*** Record excerpts ***

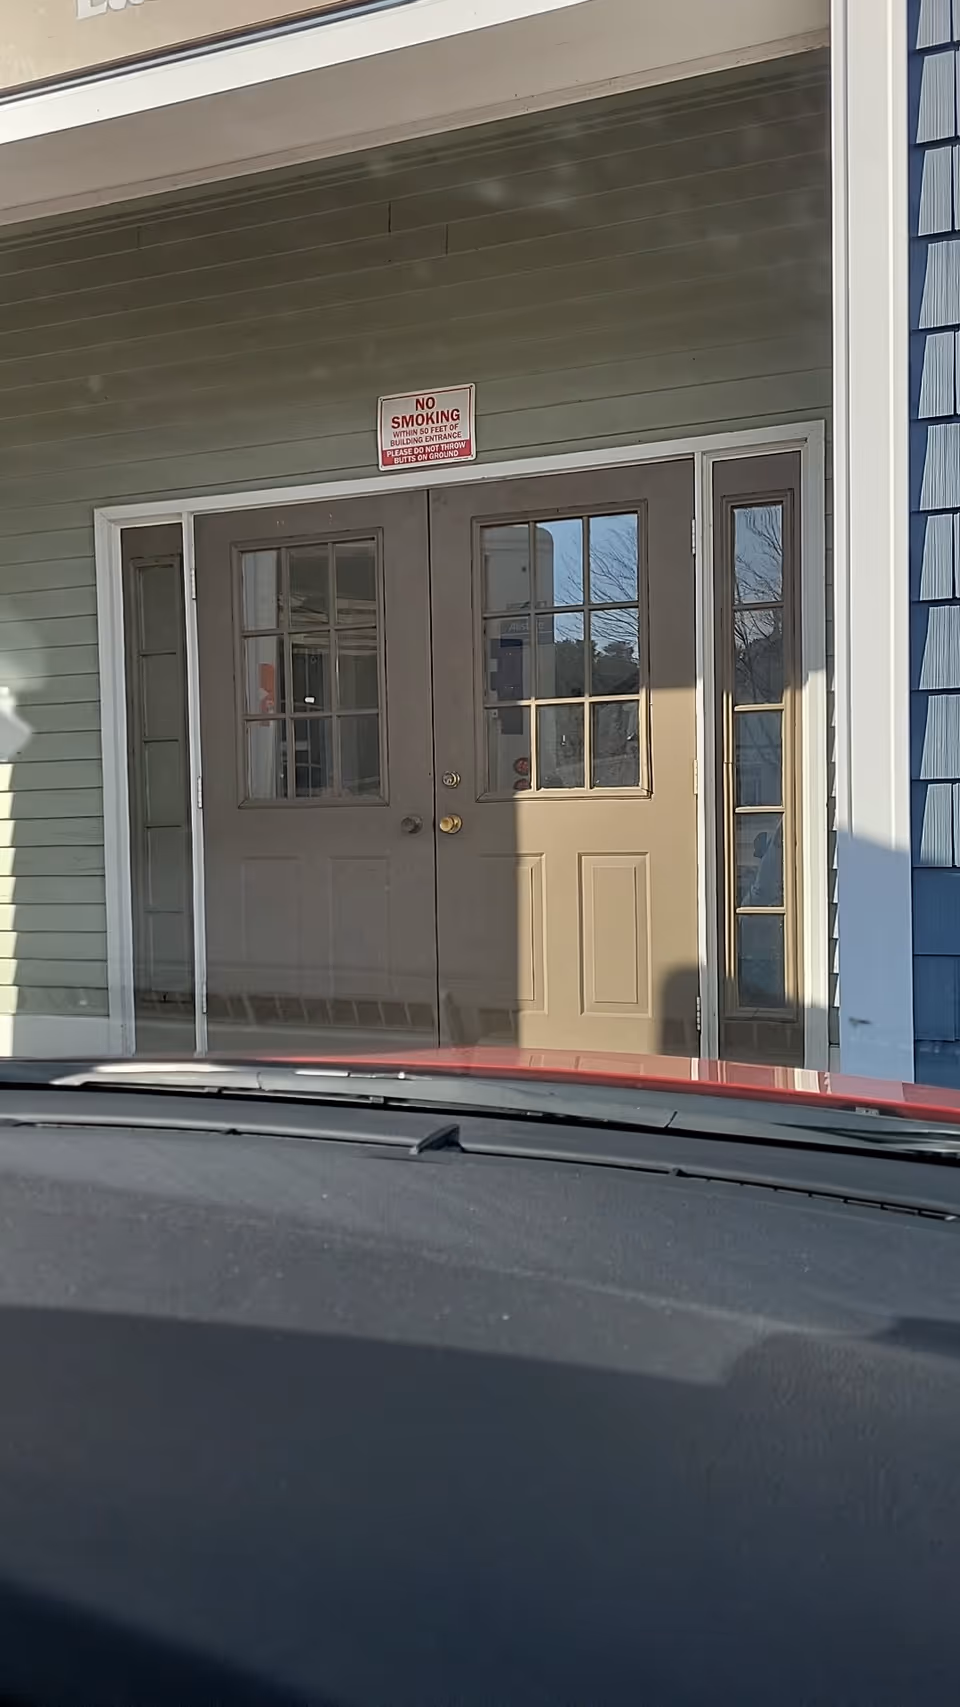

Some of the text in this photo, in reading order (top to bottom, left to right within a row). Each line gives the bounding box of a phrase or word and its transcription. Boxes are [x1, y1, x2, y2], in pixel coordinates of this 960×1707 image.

[415, 396, 436, 411] NO
[391, 408, 460, 429] SMOKING
[392, 423, 459, 438] WITHIN 50 FEET OF
[390, 431, 462, 447] BUILDING ENTRANCE
[387, 441, 466, 458] PLEASE DO NOT THROW
[394, 455, 416, 464] BUTTS
[429, 450, 459, 459] GROUND
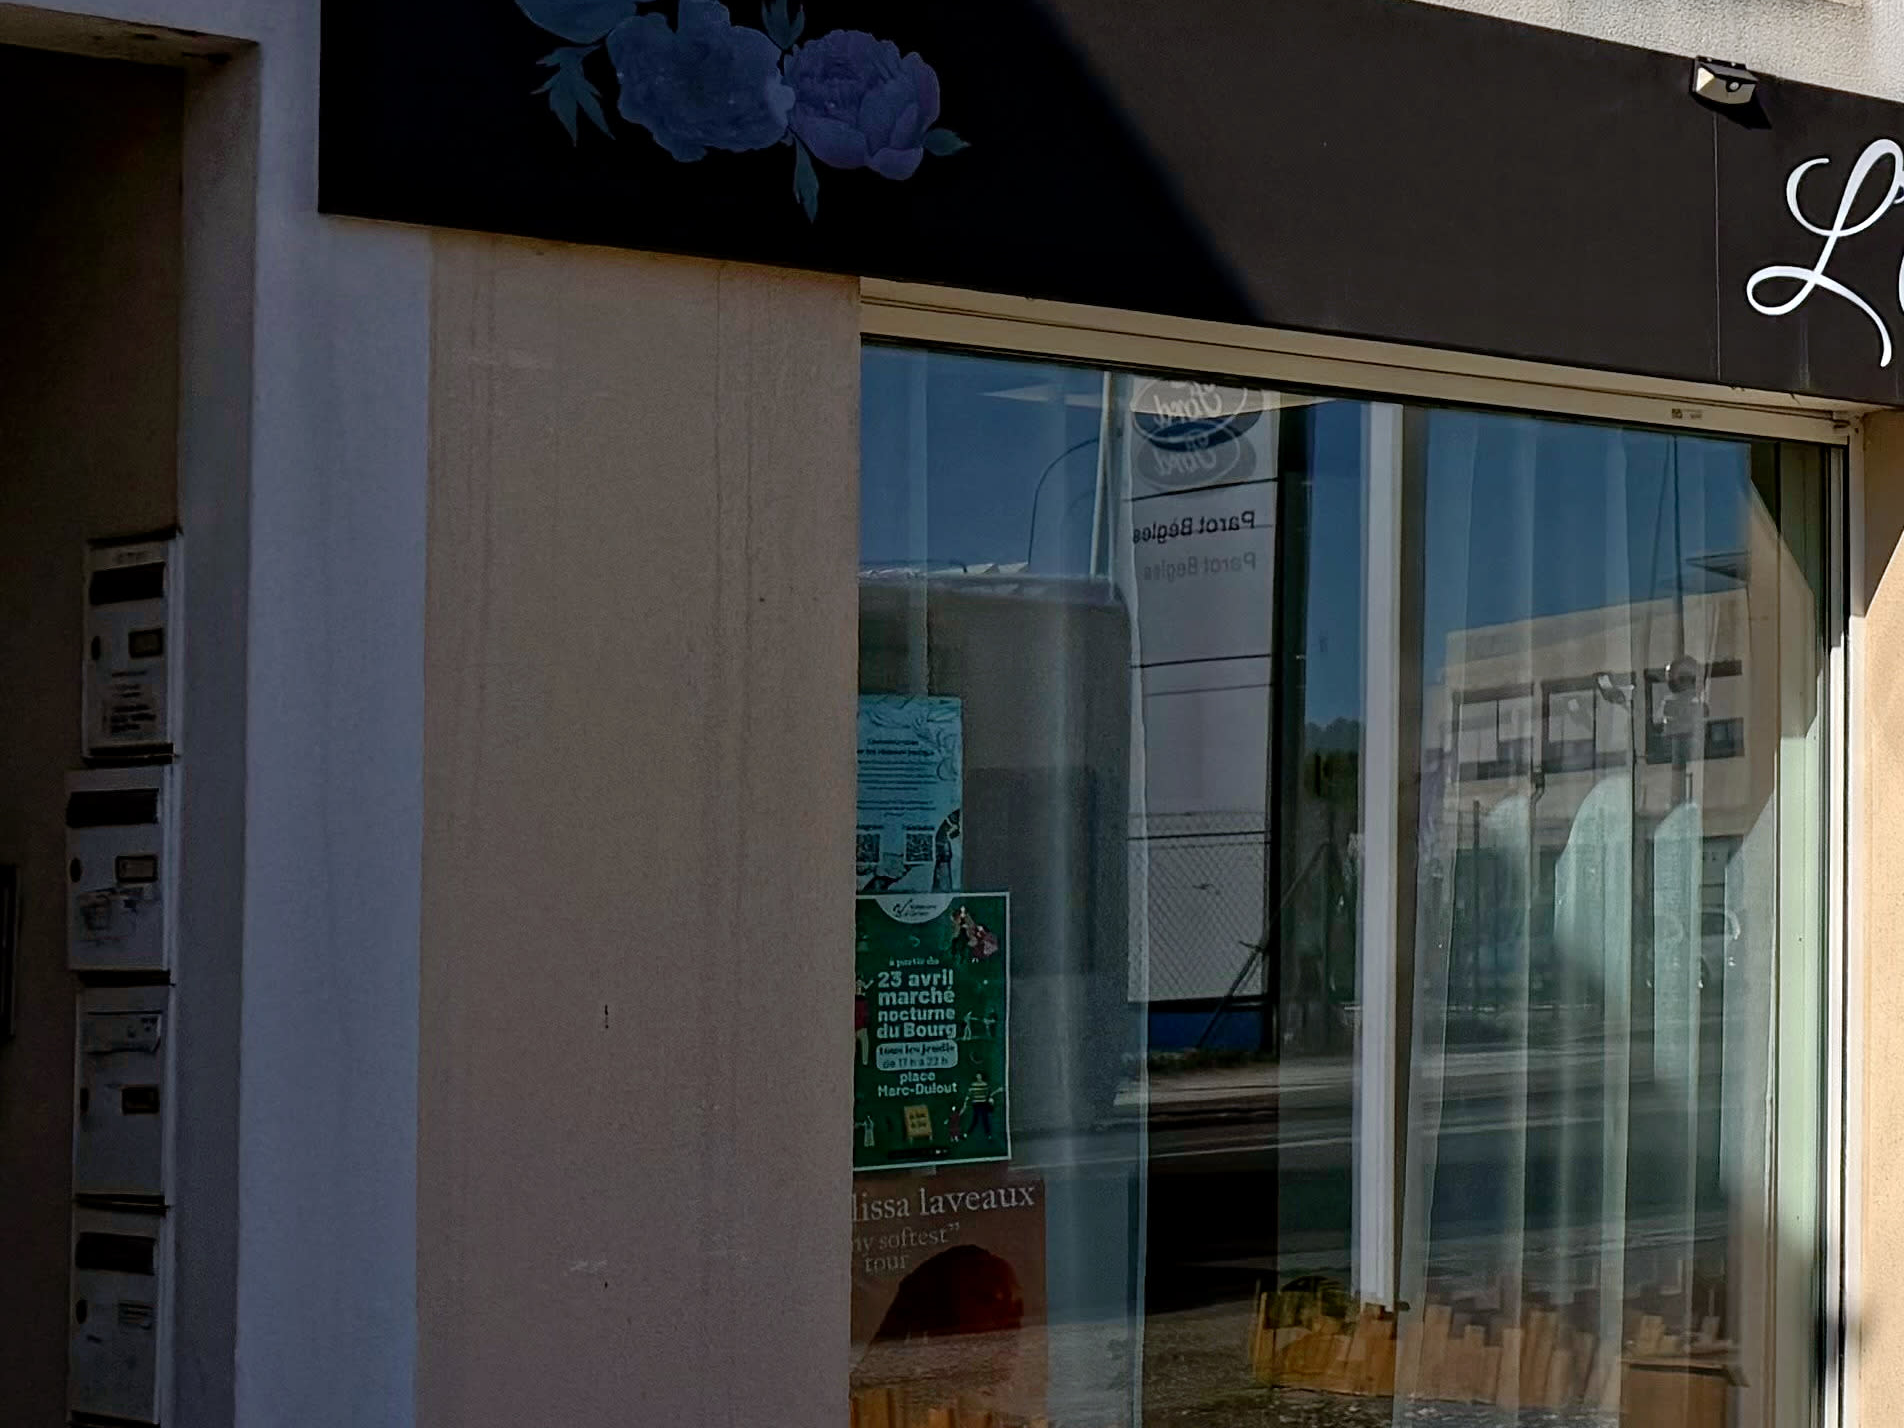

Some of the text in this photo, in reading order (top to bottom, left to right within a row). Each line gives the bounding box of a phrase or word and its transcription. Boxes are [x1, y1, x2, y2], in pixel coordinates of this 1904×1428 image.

[878, 969, 953, 988] 23 avril
[878, 987, 955, 1006] marché
[878, 1007, 955, 1022] nocturne
[876, 1022, 957, 1039] du Bourg
[899, 1071, 935, 1085] place
[852, 1185, 1035, 1221] lissa laveaux
[864, 1254, 910, 1272] tour
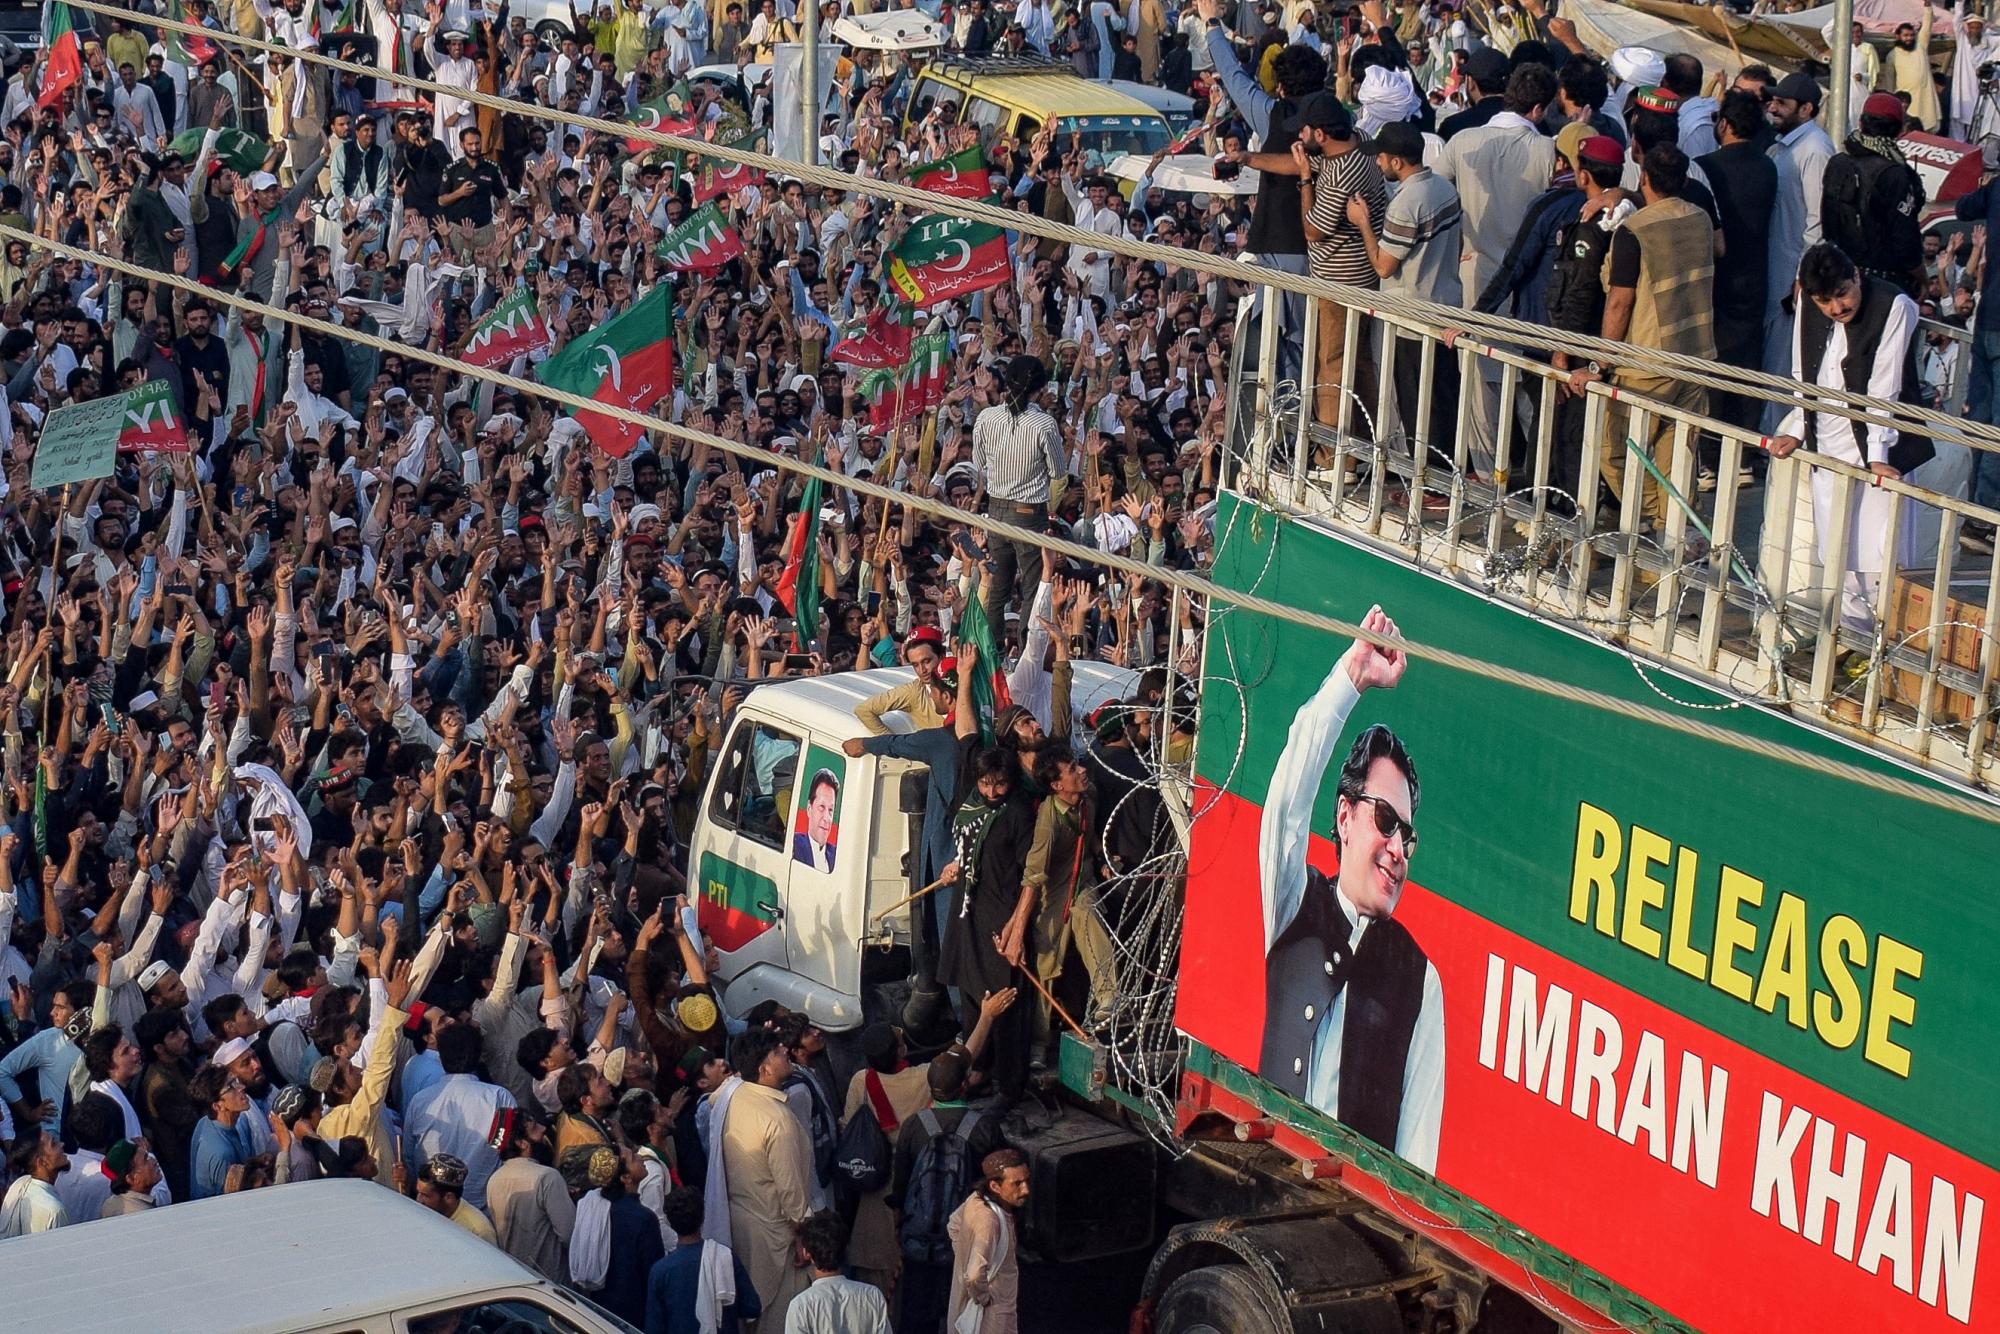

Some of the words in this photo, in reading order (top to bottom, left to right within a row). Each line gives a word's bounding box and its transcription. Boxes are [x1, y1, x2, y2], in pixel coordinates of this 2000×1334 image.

*** End of Record excerpts ***

Task -> Set down exactly, from the line that contains "this 1904×1428 image." through the last line of the data, each line as it stands, and leave the pictures out.

Written solution ->
Some of the text in this photo, in reading order (top to bottom, left to right within a row). Each line gives the bounding box of a phrase or word and its transcription. Boxes are [x1, y1, x2, y2], in pixel coordinates of this 1904×1428 image.

[878, 969, 953, 988] 23 avril
[878, 987, 955, 1006] marché
[878, 1007, 955, 1022] nocturne
[876, 1022, 957, 1039] du Bourg
[899, 1071, 935, 1085] place
[852, 1185, 1035, 1221] lissa laveaux
[864, 1254, 910, 1272] tour

Some of the words in this photo, in reading order (top to bottom, left to right within a row). Each line gives a word's bounding box and its transcription. Boxes are [x1, y1, x2, y2], in pixel coordinates of this 2000×1334 image.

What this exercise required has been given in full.